Si vous êtes artisan, commerçant, professionnel libéral ou gérant majoritaire de SARL, vous relevez du statut de Travailleur Non Salarié (TNS). Pour vous, la gestion des assurances est un levier fiscal majeur, mais elle repose sur des règles très spécifiques qui ne s'appliquent pas aux dirigeants salariés (comme en SASU).
L’objectif est de distinguer ce qui diminue le bénéfice de votre entreprise de ce qui réduit votre impôt personnel.
Les assurances de l'entreprise : la déduction en charges
La première catégorie concerne les contrats qui protègent votre outil de travail. Ces primes sont considérées comme des charges d'exploitation classiques. Elles viennent diminuer directement le bénéfice de votre activité (BIC ou BNC).

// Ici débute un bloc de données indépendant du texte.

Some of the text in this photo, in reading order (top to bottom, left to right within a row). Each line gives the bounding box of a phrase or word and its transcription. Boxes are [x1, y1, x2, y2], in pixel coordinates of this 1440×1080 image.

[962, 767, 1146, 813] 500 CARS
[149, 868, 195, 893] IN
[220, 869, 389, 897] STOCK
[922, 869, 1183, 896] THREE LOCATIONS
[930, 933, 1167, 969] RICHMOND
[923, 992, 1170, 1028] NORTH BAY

On y retrouve la Responsabilité Civile Professionnelle (RC Pro), l'assurance de vos locaux, de votre matériel ou encore l'assurance frais généraux. Pour être déductibles, ces assurances doivent être souscrites au nom de votre structure professionnelle.

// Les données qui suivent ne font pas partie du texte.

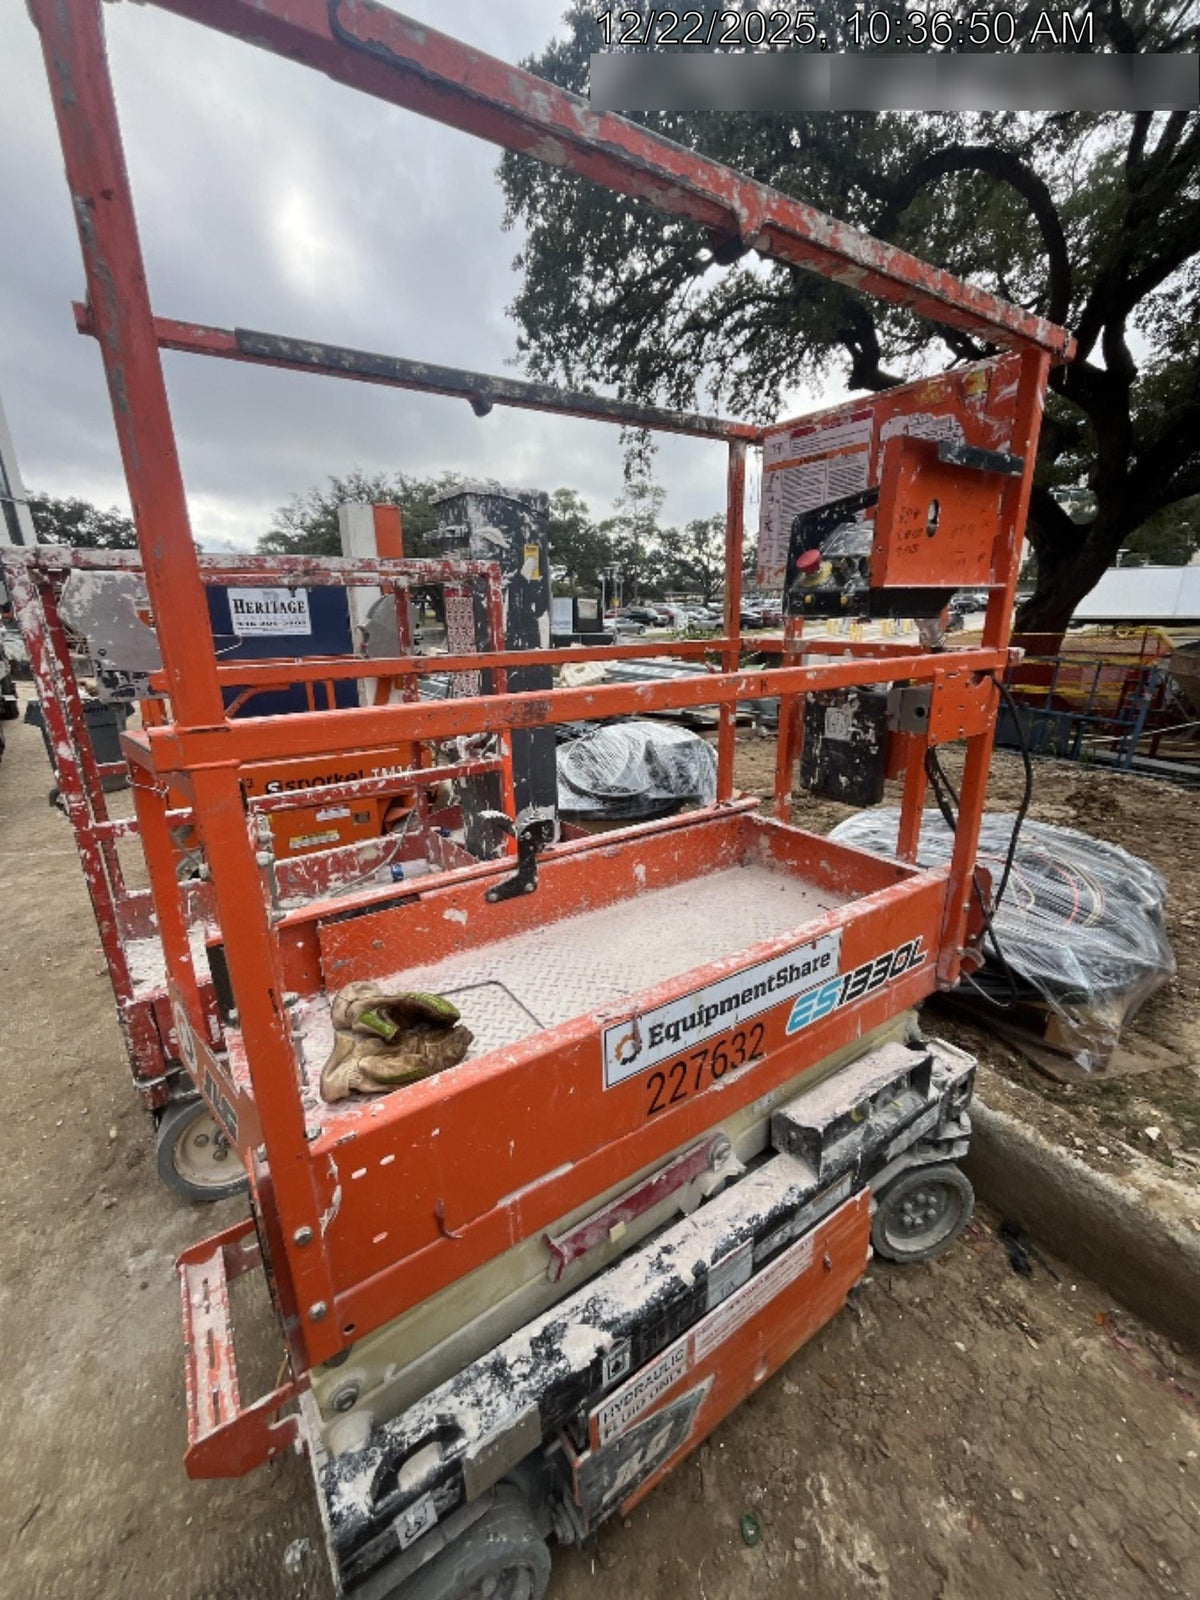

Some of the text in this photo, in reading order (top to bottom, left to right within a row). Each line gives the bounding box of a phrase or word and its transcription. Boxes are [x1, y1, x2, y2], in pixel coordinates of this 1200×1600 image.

Votre protection personnelle : le cadre de la Loi Madelin
C’est ici que votre statut de TNS offre une particularité : la possibilité de déduire de votre bénéfice imposable les cotisations versées pour votre propre protection sociale.
Santé et Prévoyance : le Madelin est toujours d'actualité
Une confusion fréquente laisse penser que le dispositif Madelin a disparu. C’est faux : s’il n’existe plus pour la retraite, il reste le cadre de référence pour votre mutuelle santé et votre prévoyance (maintien de revenus en cas d'accident ou maladie). En tant que TNS, payer ces cotisations via votre compte professionnel vous permet de réduire votre assiette fiscale, sous réserve de respecter vos plafonds personnalisés.
La retraite : le passage au PER
Pour préparer votre avenir, le Plan d’Épargne Retraite (PER) a remplacé les anciens contrats Madelin Retraite. La logique fiscale reste la même pour vous : les versements effectués sur un PER individuel sont déductibles de votre revenu imposable. C’est un outil double : vous épargnez pour plus tard tout en diminuant votre impôt aujourd'hui.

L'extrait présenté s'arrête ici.